01 March 2016

Kato in Italy

The figure of Kiyoshi Kato is well known to the readers this blog. He holds a quasi-mythical image as itinerant pen maker in Egypt, Italy, Hong Kong and Japan.

In the 1990s he worked for the Italian company Visconti, founded in 1988 in Florence, making some of the early celluloid pens of the brand. Such is the case of the following example.

Visconti Ragtime II.

The monotone 18 K gold nib. It reads "VISCONTI / 18 K - 750 / FIRENZE / M". The inscription on the clip: "FIRENZE VISCONTI / ITALY RAGTIME".

It is a Visconti Ragtime (thanks, Peaceable Writer) from the second series (aka Ragtime II, with a monotone 18 K nib) in production between 1994 and 1999. It is made of cellulose nitrate sheet, rolled and welded.

Some argue that this approach –rolling and welding—is superior to turning a solid rod because the final cylinder is less likely to shrink and contract over the years. The obvious side effect is the existence of a welding like on body and cap. The flat ends of the Ragtime are, in actual terms, lids to the rolled cylinder and are welded to it, as can be seen on the following picture.

The welding line on the barrel made of cellulose nitrate.

The piston knob shows the black lid of the celluloid cylinder, welded to it.

These are the dimensions of this piston filler:
Length closed: 139 mm
Length open: 124 mm
Length posted: 165 mm
Diameter: 12 mm
Weight: ca 19.7 g (inked)

Kato’s engagement with Visconti ended around 2000. Since the mid 1990s, he and his wife had started making pens in Japan for the Japanese market. This was his last endeavour—he passed away in 2010.

My thanks to Mr. Shimizu.

Gama Forever – Montblanc Racing Green

Bruno Taut
Nakano March 1st, 2016
etiquetas: Visconti, Kato Seisakusho


Pedro Haddock said...

I have got a Ragtime myself, dating ca. 1996 but, in this case fitted with a steel nib that was offered at that time. It was quite an affordable pen with an absolutely stunnig celluloid to fall in love with at the very first sight.
Thanks for sharing!

jde said...

Thank you for this reminder about Kato and Ragtime celluloid! Added link to this in my Ragtime post.

Bruno Taut said...

Thanks, Julie and Pedro, for passing by and commenting.

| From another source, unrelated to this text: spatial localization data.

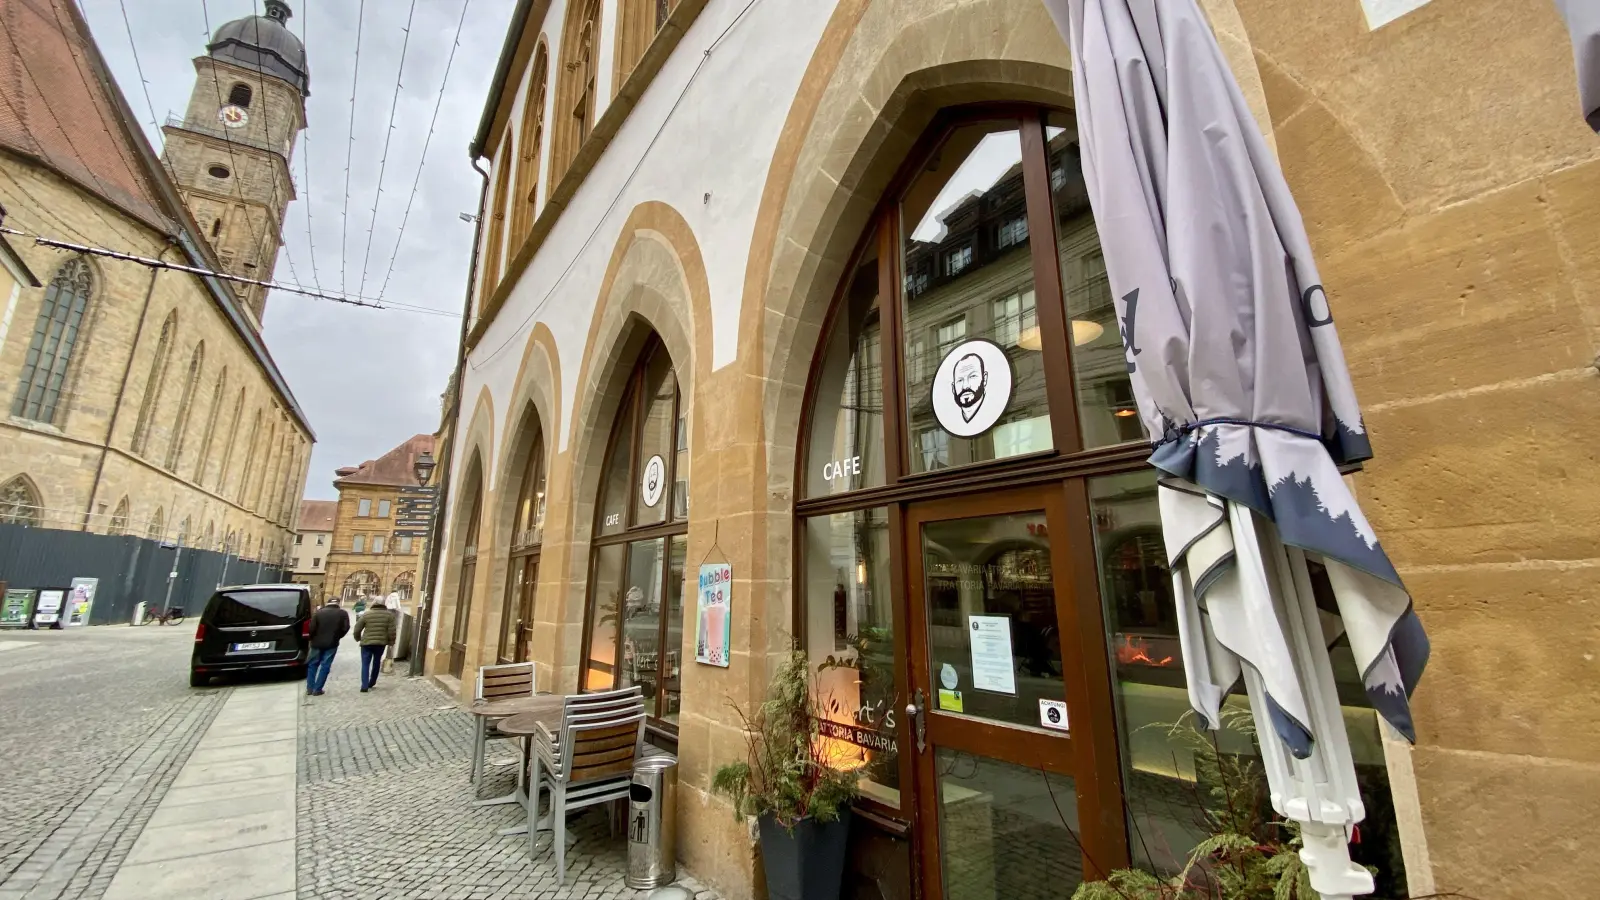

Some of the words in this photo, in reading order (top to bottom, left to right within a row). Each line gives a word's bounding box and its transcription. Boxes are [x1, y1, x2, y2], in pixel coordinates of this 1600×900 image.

[823, 456, 860, 480] CAFE
[606, 513, 619, 526] CAFE
[699, 568, 730, 588] Bubble
[705, 590, 724, 605] Tea
[857, 731, 898, 753] BAVARIA

Captain Haddock, your Ragtime is most likely a product of Mr. Kato. Those are very valued in Japan.

JDE--my pleasure. Your blog contains reference information on the Ragtime and linking it was the right thing to do.


Zangotori said...

Thank you for this wonderful and informative article.
Just gor curious, though. What was the relationship of Kato and Visconti?
Was Kato an employee of Visconti? Of was he the master artisan who made pens for Vicsonti?

Bruno Taut said...

Thanks, Zangotori, for passing by and commenting.

I do not know the actual nature of the relationship between Visconti and Kato, but he made several models for Visconti. Giving his expertise with celluloid, I think it is safe to assume he worked directly on the pens, at least for a while. Visconti, at the time, was a small operation.